Last autumn, we were invited to my cousin’s wedding at the sumptuous Brocket Hall country estate outside of London. We love London more than any city (though I may be a bit biased, as it also happens to be where I was born) so it didn’t take much consideration before we decided to make the trip out. Once the excitement of booking the plane tickets wore off I realized that I was about to embark on a 10 hour flight with a 3 year old and 10 month old. Yikes. Usually if your toddler decides to throw down the gauntlet in Trader Joe’s you can flee to the safety of your car while they meltdown or when your infant spends a long and noisy night teething, at least it’s in your own home. But the thought of being thousands of feet in the air over the Atlantic Ocean with two kids at such unpredictable ages was daunting. I must admit that the thought of giving the beasties Benadryl, as many mothers recommended, crossed my mind. Hell even the thought of drugging myself crossed my mind! But I knew my game plan. I was going to be as prepared as any mother could hope to be on a flight. Anything that was out of my control I would just have handle as it came I told myself – which is all you really can do.

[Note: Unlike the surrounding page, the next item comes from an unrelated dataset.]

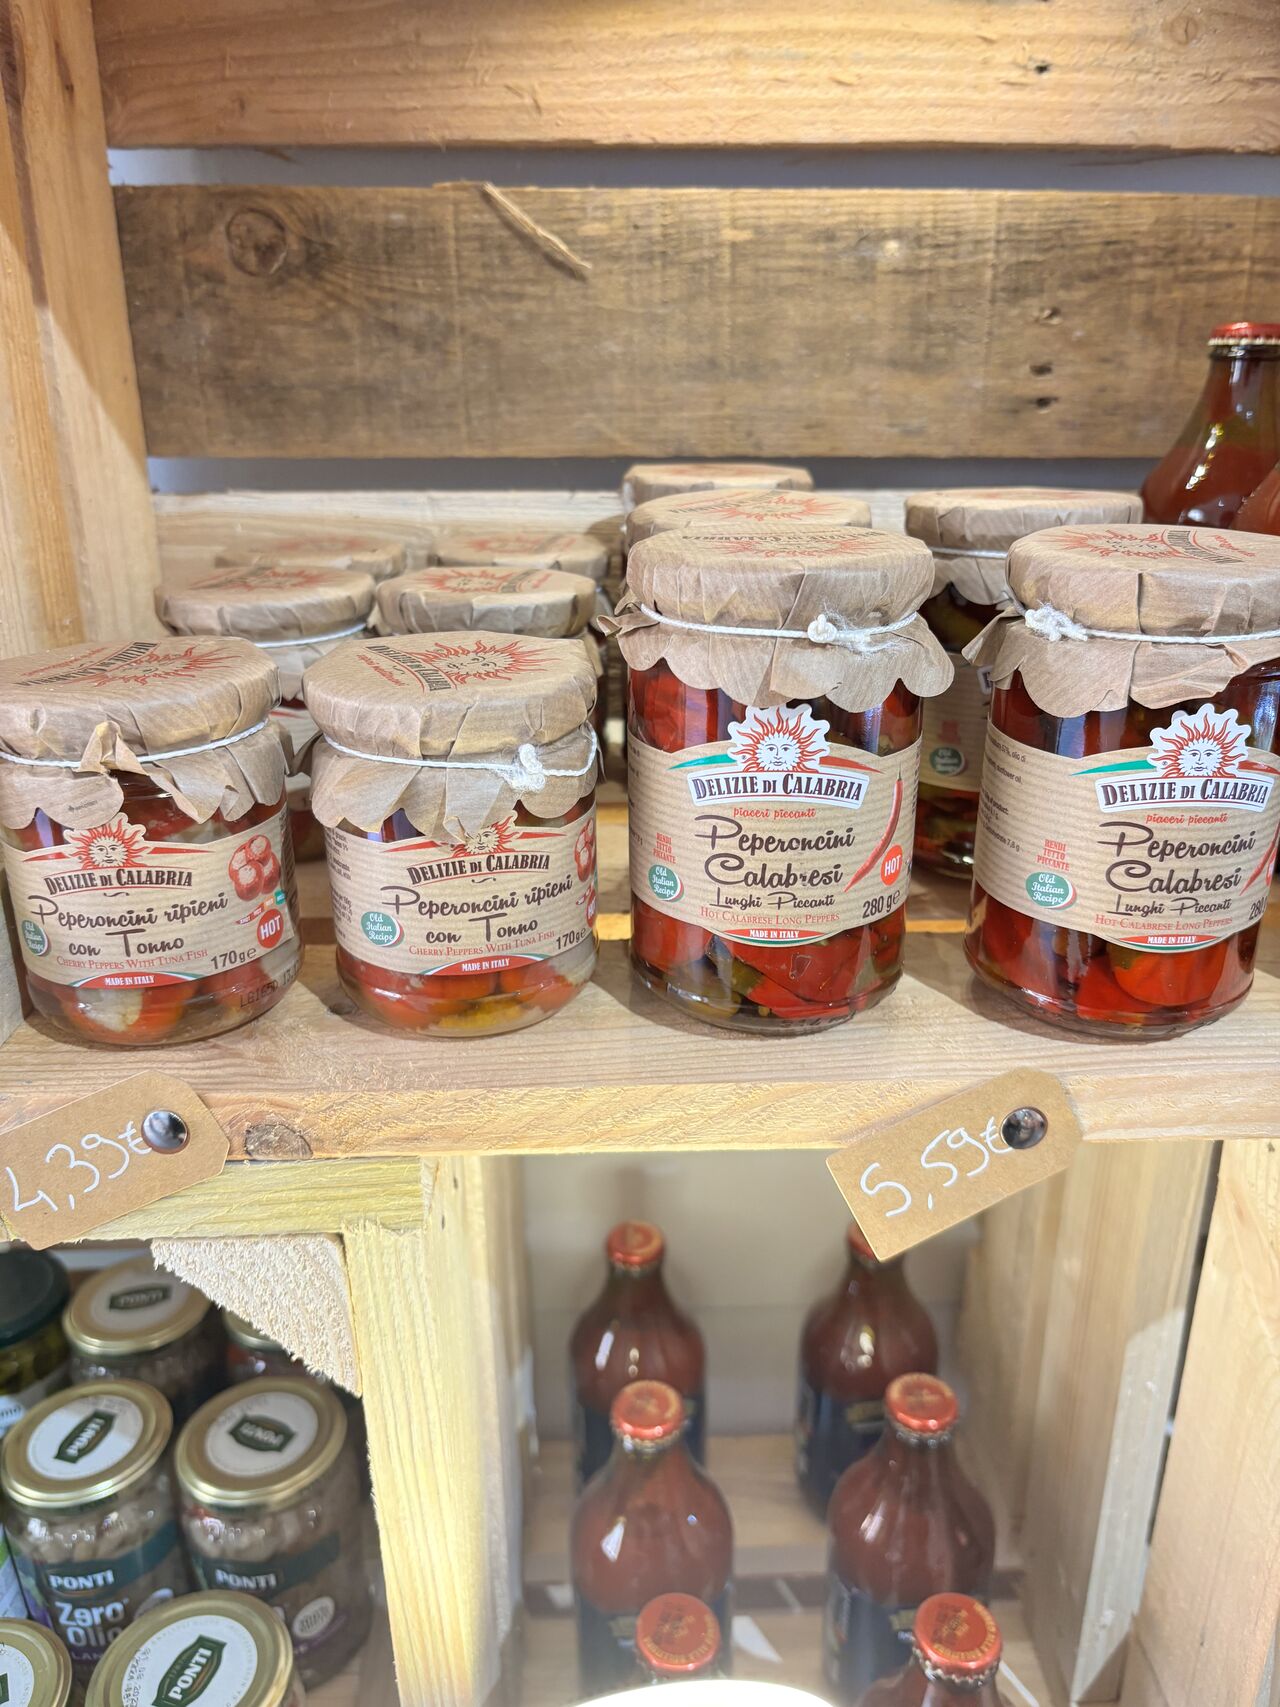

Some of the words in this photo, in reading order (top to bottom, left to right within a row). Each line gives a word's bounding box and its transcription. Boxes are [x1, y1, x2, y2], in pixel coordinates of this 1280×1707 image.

I made a list of my recommendations for when you fly with babies. In addition to the obvious, like a well-stocked (but not overloaded/heavy) diaper bag, there were a few things I brought that really helped. Luckily my son, Henry, needed nothing more than headphones and an iPad with games on it. He was so grateful for the no screen time limit that he didn’t make a peep the entire flight.
For babies, which can be trickier if they are of walking/exploring age, start by booking the bulkhead seat. Most international flights have baby bassinets to hook up to the wall so you can have your arms free while they sleep. We did this and lucky for us, Vivi slept most of the entire red eye there and about 1/3 of the way back in it. Ah-mazing! When she was awake we put a swaddle on the floor with some snacks and toys so she had some space to do her thing. For snacks we brought things that weren’t too messy like blueberries, pouches, and puffs for her to nibble on between meals. This prevents a hangry baby from disrupting the plane. For entertainment, we brought colorful window clings, books with flaps (makes them a bit more fun), pictures of family members to look at, and stacking cups – basically lightweight toys that don’t take up a lot of space that they are currently interested in. Bring extra clothes for the kids and yourself as you will almost 100% need them (I always pack an extra black, loose tank top for myself. It’s forgiving of stains and when you’ve got a kid on your lap half the flight you will most likely need a new top to change into before you land).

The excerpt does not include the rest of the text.